Madoka was aware of that, so she said, “Then wouldn’t it be safest to stay here in the Sanatorium? The inheritance agents have set up a trap in the mountain. Isn’t that because they do not have enough force to take on the armed guards protecting the Sanatorium?”
I appreciated her suggestion.
I really did, but…
“If nothing was done about them, I might have ended up being targeted by the Yuki Onna’s Package as well. The Sanatorium is filled with the wealthy. Everyone here has hired armed guards to protect them. If all of those guards were gathered, the inheritance agents wouldn’t be able to touch you.”
“Yeah…but I doubt that will happen.” I tilted my head to the side as I thought. “Your group might help, Madoka, but I doubt the armed guards hired by the others would go along with it. Letting me stay here would bring the risk of a criminal group attacking with hunting rifles, so they’d probably just throw me out of the Sanatorium.”
It was their job to protect their client, so they would not hesitate there.
Also, there was a difference between the number of guards hired by Madoka and the sum total of guards hired by all the others. If they came into conflict, the others would win. It was possible my only options would end up being leaving the Sanatorium on my own or having all the guards gang up on me and throw me out.
“Then what if I send a few of my guards with you?”
“Would those salarymen really go along with something outside their contract like that? And even if they agreed, they would be up against 10-20 people. If all of those are armed with hunting rifles, things would not look good for us. Even if I managed to get down the mountain thanks to them, I would rather not have it be at the cost of a few people sinking into pools of blood.”

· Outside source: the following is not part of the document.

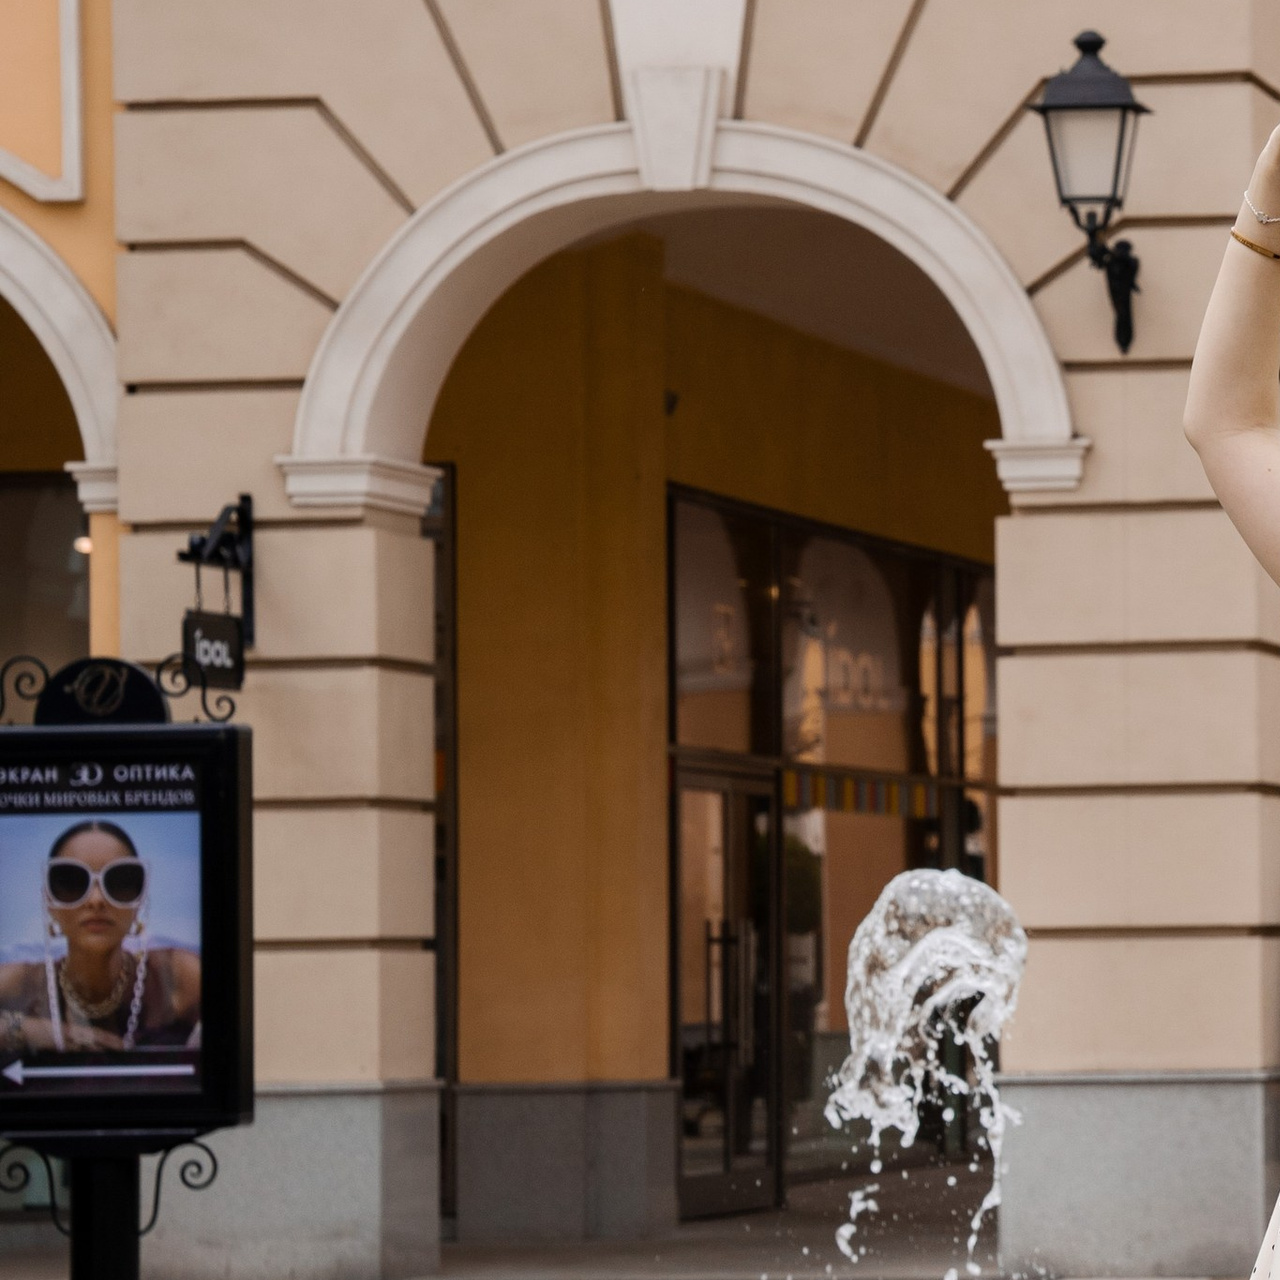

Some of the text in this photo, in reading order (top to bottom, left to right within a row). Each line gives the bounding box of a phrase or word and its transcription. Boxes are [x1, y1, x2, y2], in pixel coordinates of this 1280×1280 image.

This was not just an issue of simple justice or morality.
Once a colleague had died thanks to their client’s ridiculous request, even Madoka’s guards might gang up on me. They were not government officials or the allies of the country’s citizens. If they were thrown into an unreasonable situation, it was possible they would resort to unreasonable means.
“Then what are you going to do? When you were attacked before, you only just barely managed to escape.”
“…Yes. I’m just a loser in the end. I was thrashing about in a panicked flight from a single man armed with a hunting rifle. This is hopeless. This isn’t some light novel. I can’t wait for an opportunity and counterattack. It just won’t work. Merely surviving would be worth a Guinness World Record.”
“Don’t get that distant look in your eyes. You’re going to be attacked by 10-20 of them at once this time, right? That isn’t a situation where you can just run through the trees and escape.”
I could not stay in the Sanatorium.
If I headed out into the mountain, I would be attacked by a group of 10-20 con artists armed with hunting rifles.
I had to get safely down off the mountain somehow, but this was as hopeless as playing a game of soccer against a team of 11 on your own. I would just end up being surrounded. This was not a situation I could get out of with a clever plan or technique.
And even if I made it safely off the mountain, could I return to a safe summer break?
I know I keep saying this, but they were armed with hunting rifles.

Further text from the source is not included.